I look forward to hearing your comments.

1 comment:

  1. from Stephen Cribari, a Poet who is Professor of Law
    "The Yeats position is difficult, isn't it? You noted his being 'critical of using war as a topic for writing verse.' I'd've said he was critical of war as an appropriate subject for poetry. Frost might have said it was an inappropriate subject for a poet. Each has a slightly different shade of meaning. Yeats might consider war a fit subject for writing verse, but might not consider all verse to be poetry. (Using a 'poet's license,' he edited some of Reading Gaol in that collection for a similar reason.) Frost might think that a poet has no business fighting a war when his job was to try to stay alive and turn everyday life into poetry. They, of course, were creatures of their time. Yeats was very politically active; Frost read, toward the end of his life, at Kennedy's inauguration and was a politically interested Democrat all his life. To what extent was Yeats's antipathy to 'war poetry' more a political statement than an artistic statement?
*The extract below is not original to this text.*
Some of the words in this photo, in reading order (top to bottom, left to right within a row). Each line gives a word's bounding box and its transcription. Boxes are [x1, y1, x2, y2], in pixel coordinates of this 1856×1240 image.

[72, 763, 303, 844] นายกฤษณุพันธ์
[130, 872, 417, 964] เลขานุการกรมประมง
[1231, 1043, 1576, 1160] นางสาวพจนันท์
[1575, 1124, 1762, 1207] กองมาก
    Regardless, from person choices or by dint of circumstances, poets find themselves in wars. What are they to do? Stop writing? I think not, and as we know some very great poetry came out of WWI, poetry which even if sent at The Front nonetheless transcends its place and time to be poetry about life not just 'war poetry.' To the extent poetry enobles war I side with Yeats; to the extent it transcends war I do not.

    Frost was focused on everyday life, as was Edward Thomas, and as war is not a normal part of what we call 'everyday life,' of course Frost would not be inclined to credit 'war poetry' as of any value. But in the war Thomas did wrote poetry about everyday life, an entirely different matter for Frost. Politics aside, Yeats was all about man's spiritual journey, man's possibilities perhaps more than his realities. An Anglo-Saxon proverb translates into current English more or less as 'man can do as he dreams but he only does as he is.' Yeats focused on the former and, had he found himself at The Front, might have said that it was not worth the effort to write about. It just was not important enough.
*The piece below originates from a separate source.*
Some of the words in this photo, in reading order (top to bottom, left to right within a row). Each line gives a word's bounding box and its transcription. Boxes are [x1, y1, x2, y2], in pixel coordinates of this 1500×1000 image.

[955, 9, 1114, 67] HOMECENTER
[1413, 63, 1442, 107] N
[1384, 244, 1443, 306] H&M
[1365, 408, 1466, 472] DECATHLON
    But the work of some poets, such as Owen, Sassoon, Rosenberg, Sorley, a few others, includes poetry which is less about the war and more about the men in the war which, to some degree, is also about men at anytime anywhere. Life and death happen not just in war. Their poetry is poetry that came out of the war but might not be strictly, or only, 'war poetry.' But that may be a notion it takes a hundred years to form. Yeats and WWI were contemporaries.

    The other day I saw 'Renoir,' which recently opened here in London. A lovely film, set during WWI. Renoir, an old and crippled man, is painting away in some sort of rural paradise. Two of his sons, including Jean (the filmmaker), enlist. Both are wounded but recover. Jean returns to the flying corps. During his home leave for recovery, he falls in love with a young model which Renoir is painting. In a real sense, they both fall in love with the same woman. (In real life, Jean did return to her, marry her, and divorce. She was in his early films.) Interestingly, Renoir takes the Yeats/Frost view with his son, whom he suspects might become a painter, when the son announces he cannot desert his comrades and is returning to the war.

    I suspect the Yeats/Frost/Renoir view is the view of someone who understands himself as an artist whose calling is art and who is so radically committed to art that nothing else matters. Rather like Mozart and music, for example.

    Other people are about many things, including writing poetry.